A reflecting telescope (also called a reflector) is a telescope that uses a single or a combination of curved mirrors that reflect light and form an image. The reflecting telescope was invented in the 17th century by Isaac Newton as an alternative to the refracting telescope which, at that time, was a design that suffered from severe chromatic aberration. Although reflecting telescopes produce other types of optical aberrations, it is a design that allows for very large diameter objectives. Almost all of the major telescopes used in astronomy research are reflectors. Many variant forms are in use and some employ extra optical elements to improve image quality or place the image in a mechanically advantageous position. Since reflecting telescopes use mirrors, the design is sometimes referred to as a catoptric telescope.
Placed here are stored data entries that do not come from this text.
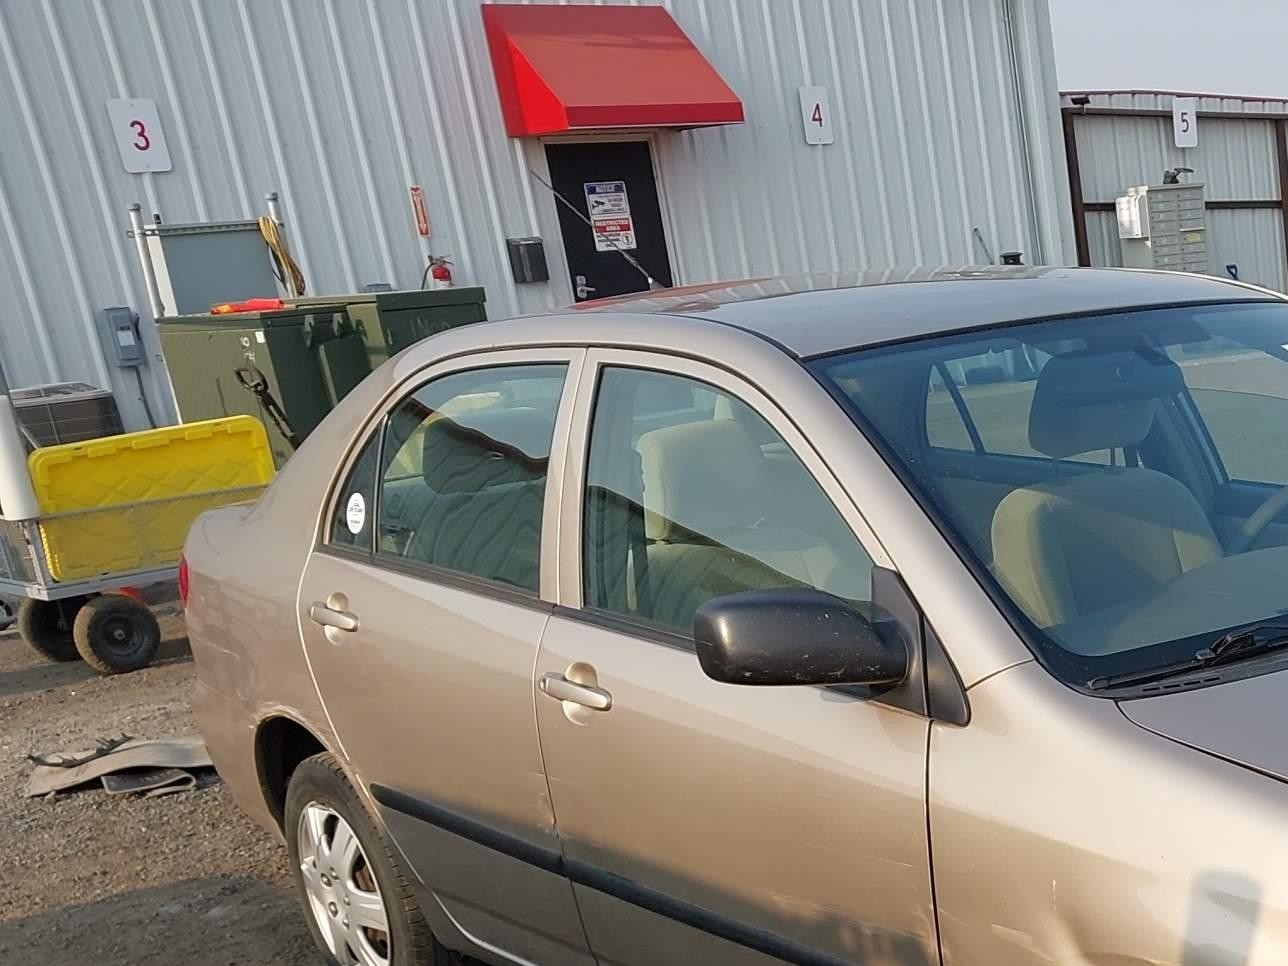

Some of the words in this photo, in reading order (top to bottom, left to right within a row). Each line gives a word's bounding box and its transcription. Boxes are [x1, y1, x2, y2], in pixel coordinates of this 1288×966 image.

[812, 103, 823, 127] 4
[1181, 112, 1190, 133] 5
[130, 120, 150, 151] 3
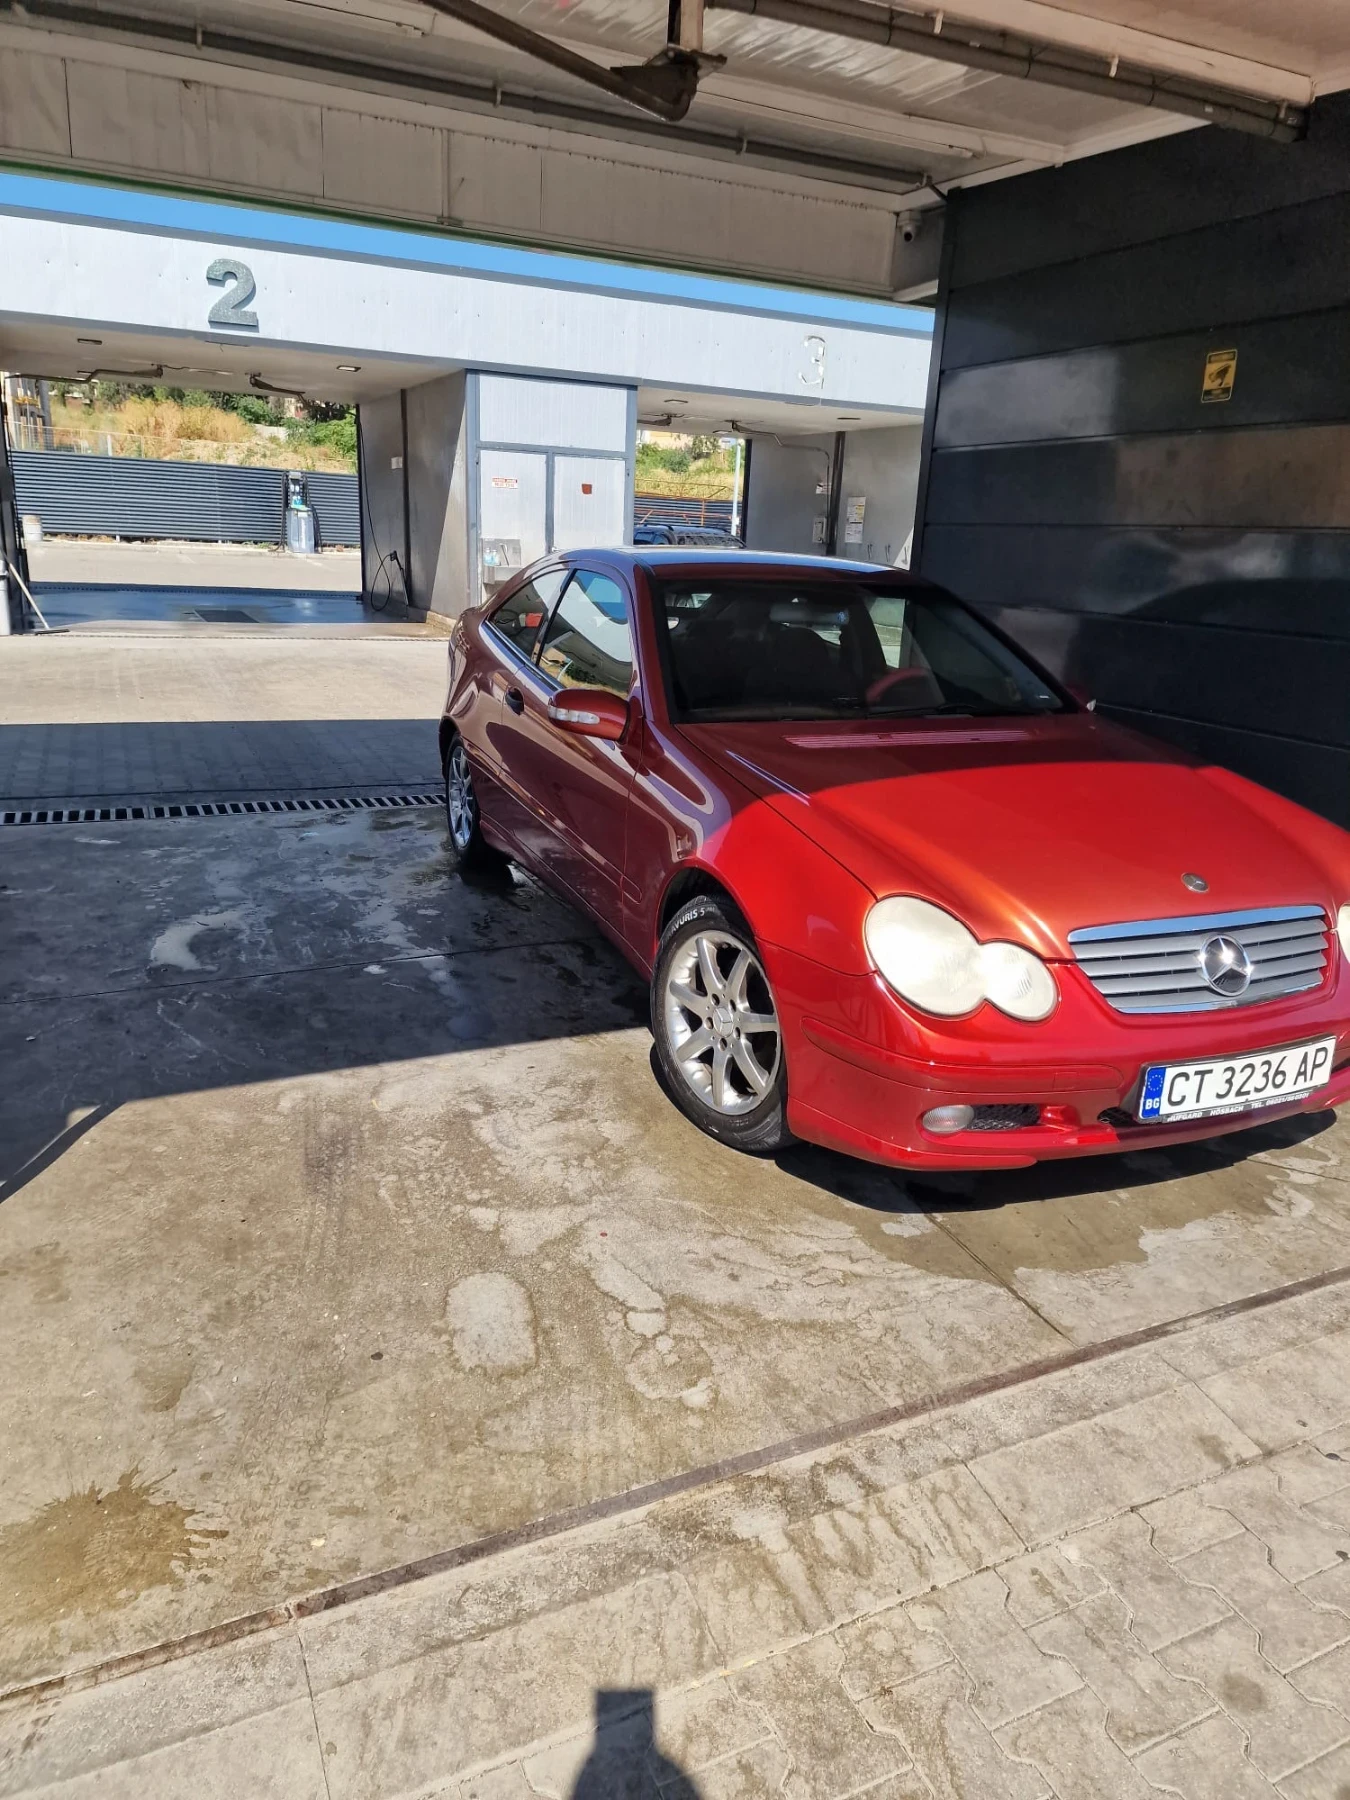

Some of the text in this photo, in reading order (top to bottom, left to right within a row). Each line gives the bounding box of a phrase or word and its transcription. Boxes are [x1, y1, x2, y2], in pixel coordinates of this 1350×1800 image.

[206, 258, 259, 333] 2
[799, 335, 826, 390] 3
[1145, 1097, 1160, 1110] BG
[1167, 1046, 1329, 1107] CT 3236 AP
From the time of Newton to the 19th century, the mirror itself was made of metal – usually speculum metal. This type included Newton's first designs and the largest telescope of the 19th century, the Leviathan of Parsonstown with a 6 feet (1.8 m) wide metal mirror. In the 19th century a new method using a block of glass coated with very thin layer of silver began to become more popular by the turn of the century. Common telescopes which led to the Crossley and Harvard reflecting telescopes, which helped establish a better reputation for reflecting telescopes as the metal mirror designs were noted for their drawbacks. Chiefly the metal mirrors only reflected about 2⁄3 of the light and the metal would tarnish. After multiple polishings and tarnishings, the mirror could lose its precise figuring needed.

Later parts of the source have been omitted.